Но вот знакомые скатились,завод пропел: «Ура! Ура!» —и новый быт, даруя милость,в тарелке держит осетра.Варенье, ложечкой носимо[181],успело сделаться свежо,жених, проворен нестерпимо,к невесте лепится ужом[182],и председатель на отвале,чете играя похвалу,приносит в выборгском бокалевино солдатское, халву,и, принимая красный спич,сидит на столике кулич (34).

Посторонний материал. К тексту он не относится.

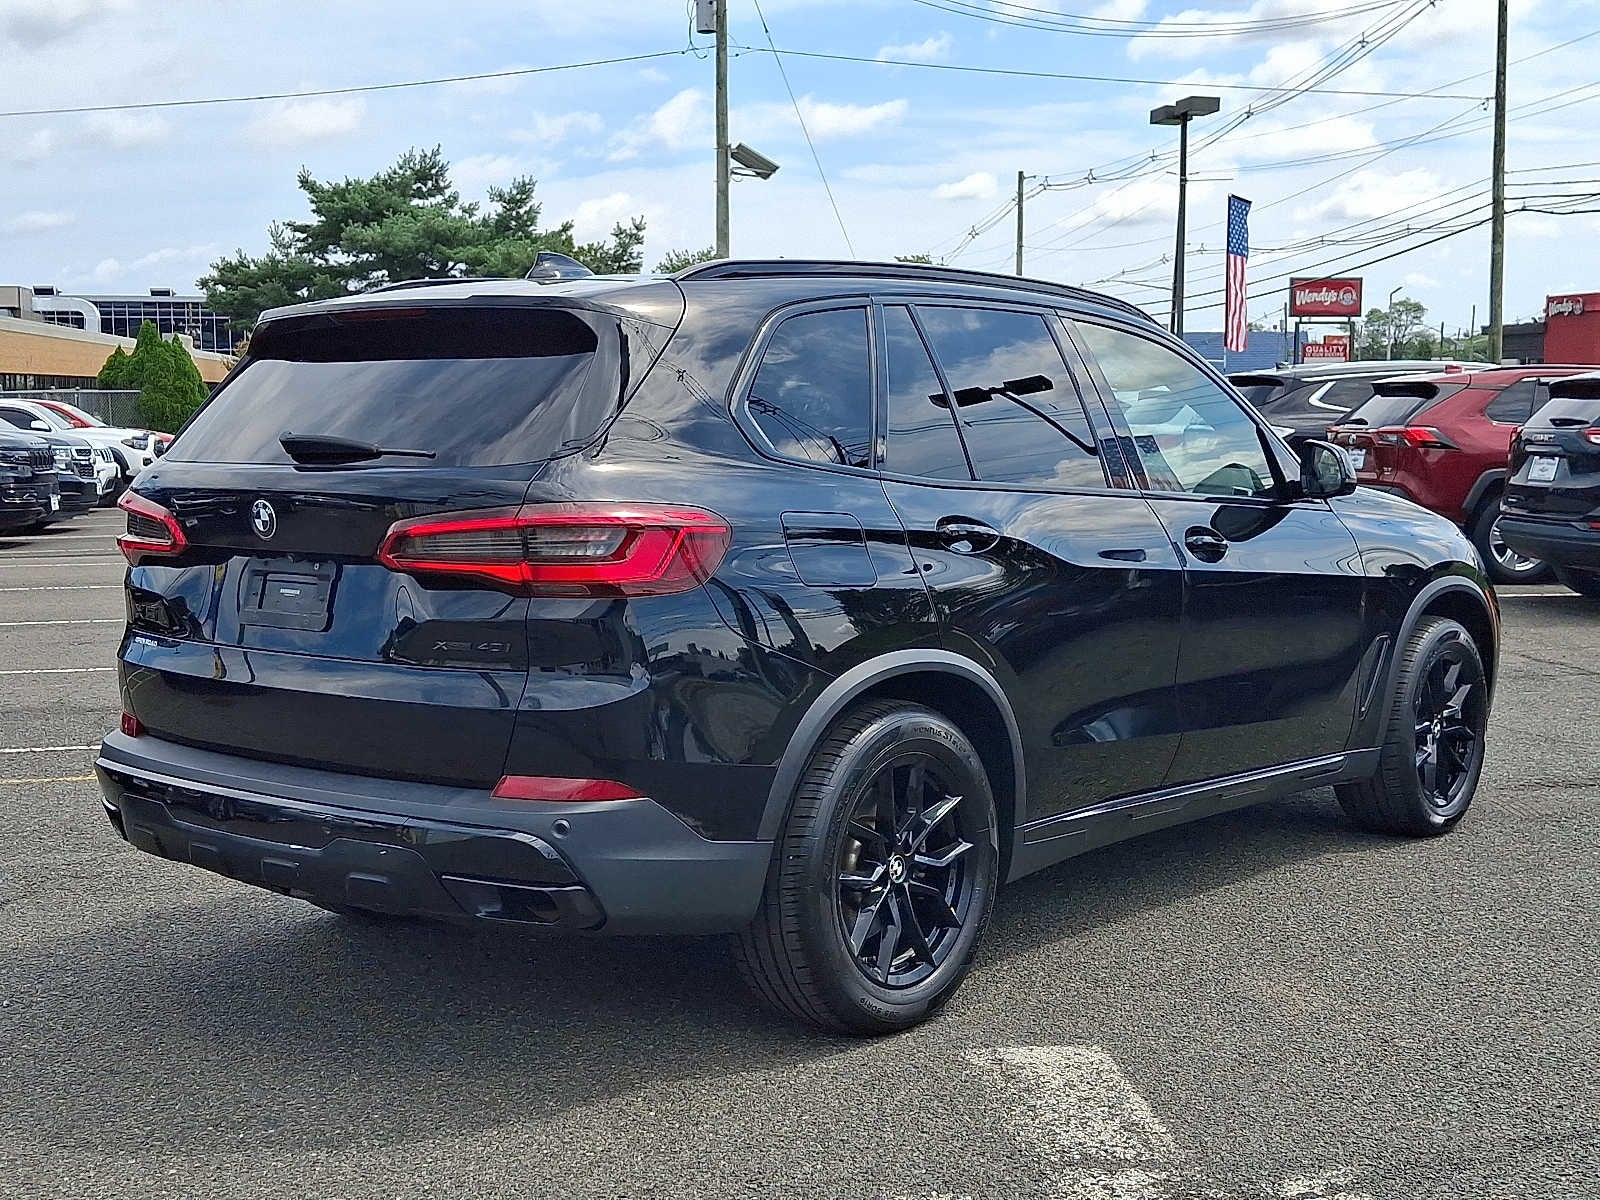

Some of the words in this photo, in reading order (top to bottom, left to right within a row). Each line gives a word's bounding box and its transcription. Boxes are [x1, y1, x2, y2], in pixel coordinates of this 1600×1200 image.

[1295, 286, 1338, 306] Wendy's
[1549, 297, 1573, 317] Wendy's
[1305, 345, 1345, 353] QUALITY
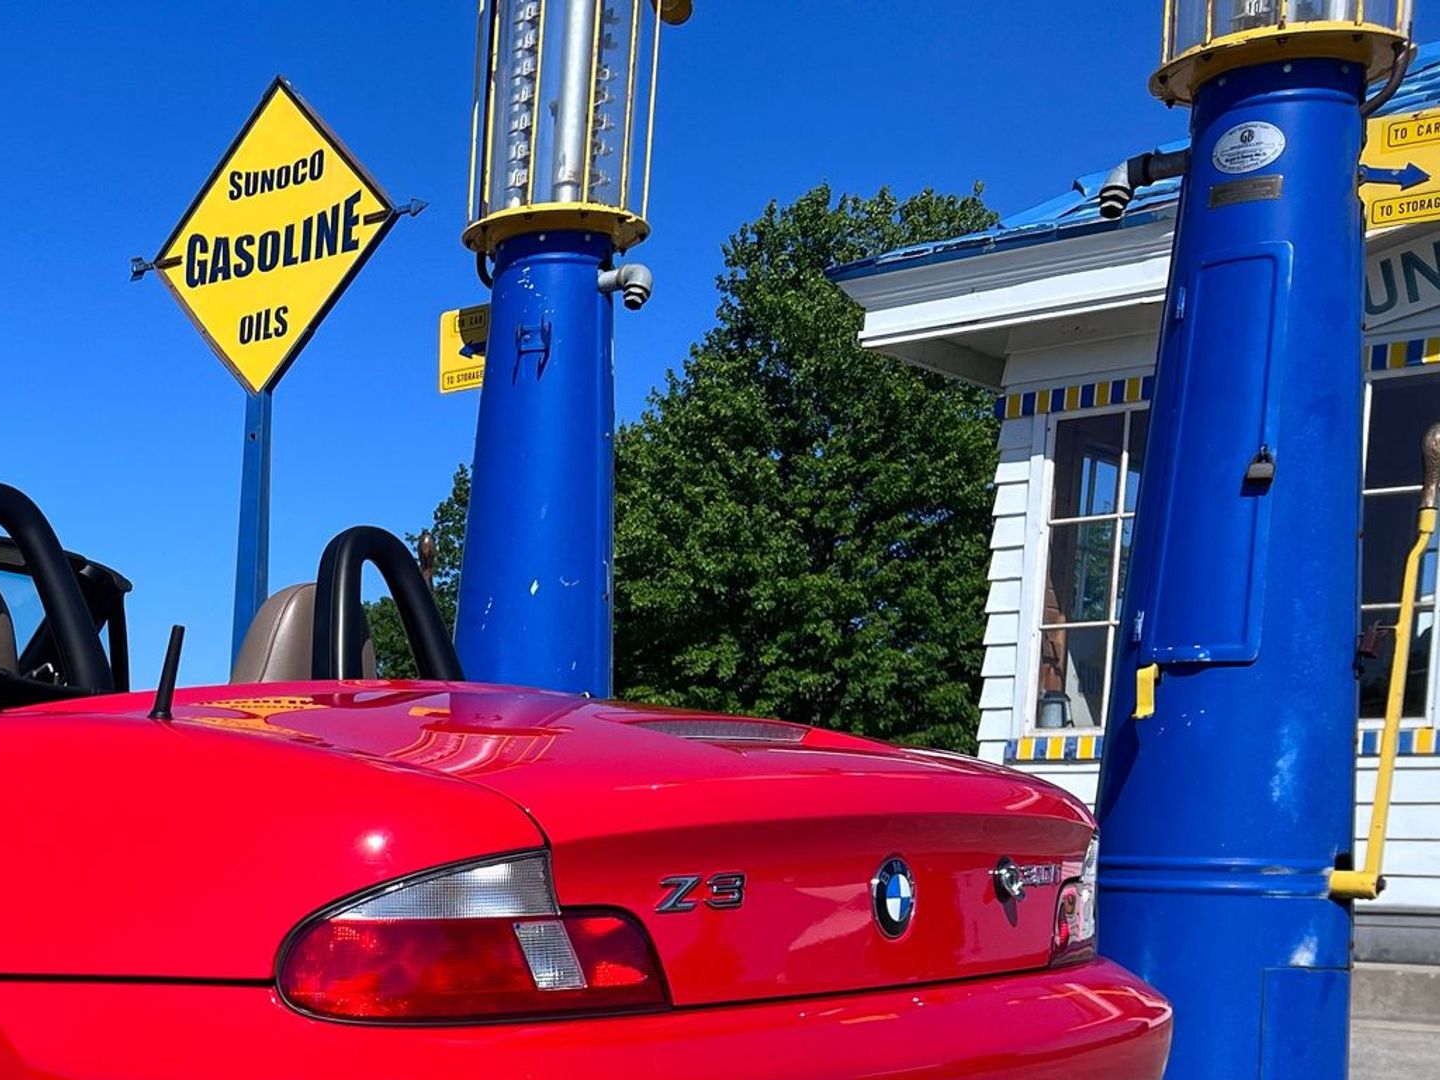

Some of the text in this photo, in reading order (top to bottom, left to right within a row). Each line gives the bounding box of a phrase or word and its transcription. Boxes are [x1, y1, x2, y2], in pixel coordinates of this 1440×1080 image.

[1393, 120, 1440, 141] TO CAR
[229, 149, 325, 201] SUNOCO
[1380, 203, 1393, 218] TO
[185, 189, 362, 289] GASOLINE
[239, 305, 289, 345] OILS
[655, 871, 747, 914] Z3

Нет сомнения, что эта «красная свадьба» справляется во вполне традиционном стиле и призвана продолжать «вечные» модели жизни: создание уютного семейного гнезда и производство новых обывателей. До тех пор, пока женихи будут «лепиться ужом» к своим невестам, следуя образцу, установленному еще в Эдеме, Демиургу – богу всех традиционных религий – нечего опасаться. Юная пара, справляющая свою вульгарно-претенциозную, кричаще мещанскую «красную свадьбу», выполняет все его требования к человечеству и получит за это традиционное воздаяние. Выстроив свое гнездо, скучая вместе («чешут волоса», 34), они будут наблюдать, как растут их дети, а сами тем временем «сохнуть и желтеть», пока не умрут, забытые своим выводком, как когда-то произошло с их родителями. Такой судьбы вполне заслуживают обыватели всех оттенков, включая и тех, что называют себя комсомольцами и атеистами.

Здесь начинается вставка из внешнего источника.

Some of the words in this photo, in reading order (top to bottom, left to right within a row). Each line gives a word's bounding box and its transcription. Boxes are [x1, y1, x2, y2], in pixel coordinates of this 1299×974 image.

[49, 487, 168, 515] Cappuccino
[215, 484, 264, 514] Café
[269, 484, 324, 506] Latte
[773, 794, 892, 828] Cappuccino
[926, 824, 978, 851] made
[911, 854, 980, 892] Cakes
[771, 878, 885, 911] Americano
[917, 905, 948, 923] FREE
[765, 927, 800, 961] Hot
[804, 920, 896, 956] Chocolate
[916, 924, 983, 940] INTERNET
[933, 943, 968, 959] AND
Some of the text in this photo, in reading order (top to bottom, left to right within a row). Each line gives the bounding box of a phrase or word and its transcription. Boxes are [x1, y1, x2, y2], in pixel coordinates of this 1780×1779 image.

Традиционная религиозность, стоящая за сохранение существующего порядка вещей во всех сферах жизни, – большое препятствие на пути к прогрессу. Она заставляет слабых людей мириться с несправедливостью как с наказанием свыше и придает уверенности сильным, которые считают свои привилегии богоданными и вечными. Религия объявляет неравенство естественным и закрывает людям глаза на страдания невинных существ, которых Бог якобы наградит после смерти. Считается, что любимцы Демиурга – все чистые и невинные, тогда как на самом деле он благословляет сексуально активных, таких как обитатели Народного дома. А чистые души, как встарь, страдают и умирают в порочном Старом мире, где никто не обращает внимания на их слезы.

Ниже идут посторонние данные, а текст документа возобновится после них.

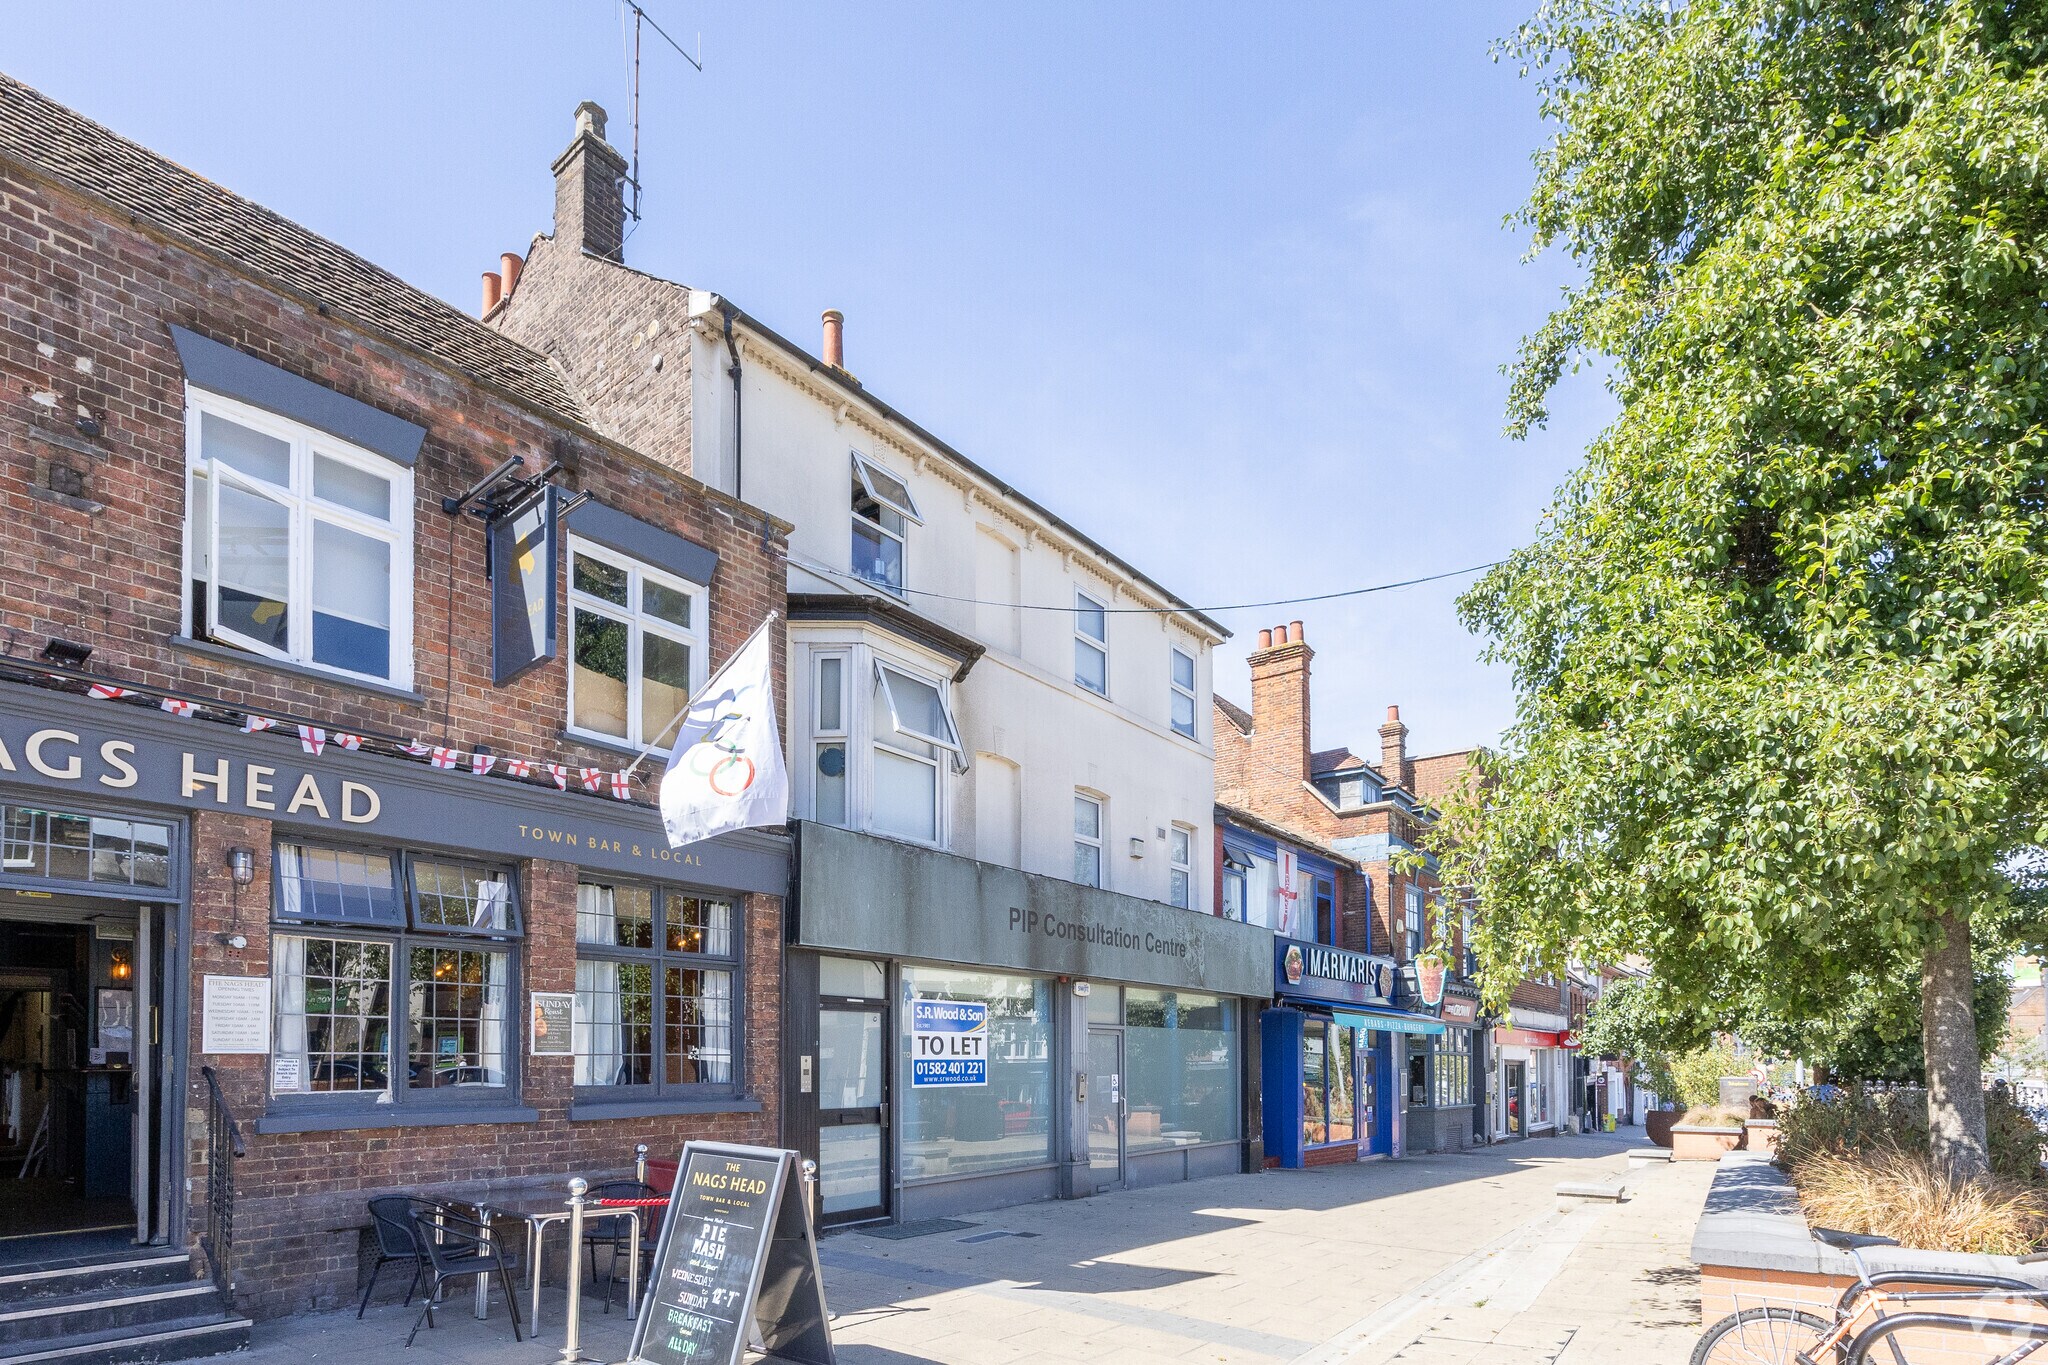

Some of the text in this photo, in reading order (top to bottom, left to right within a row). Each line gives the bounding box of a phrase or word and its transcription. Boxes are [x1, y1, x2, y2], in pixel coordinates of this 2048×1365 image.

[181, 752, 381, 824] HEAD
[518, 825, 702, 866] TOWN BAR & LOCAL
[1009, 906, 1186, 958] PIP Consultation Centre
[1310, 948, 1377, 985] MARMARIS
[537, 1000, 571, 1008] SUNDAY
[960, 1008, 967, 1020] &
[967, 1009, 983, 1021] Son
[1404, 1023, 1424, 1032] BURGERS
[918, 1036, 982, 1055] TO LET
[916, 1062, 982, 1074] 01582 401 221
[726, 1162, 740, 1172] THE
[692, 1172, 766, 1194] NAGS HEAD
[700, 1224, 728, 1242] PIE
[691, 1238, 726, 1260] MASH
[672, 1268, 714, 1288] WEDNESDAY
[678, 1292, 708, 1310] SUNDAY
[668, 1308, 714, 1333] BREAKFAST
[668, 1336, 698, 1356] ALL DAY

Так, девочка, о которой рассказывает стихотворение «Черкешенка» (30–31), очевидно, привезена в чужой город Ленинград с родного Кавказа. Здесь она становится бродячей уличной певичкой и тоскует по потерянному прекрасному миру, о котором рассказывают ее песни. Однажды, когда она поет песни о родной земле, стоя под окнами магазина, заполненного недоступными ей товарами, у нее открывается кровотечение и она умирает: «но Терек мечется в груди, / ревет в разорванные губы, – / и трупом падает она, / смыкая руки в треугольник» (30). При виде этой сцены поэт саркастически восклицает: «…прости ей, Бог!» Но прощения у Бога следует просить не для невинной девочки, а для эксплуататоров-нэпманов, которые довели ее до смерти. Однако самому Богу, конечно, нет никакого дела до смерти девочки, и вообще – его нет[183].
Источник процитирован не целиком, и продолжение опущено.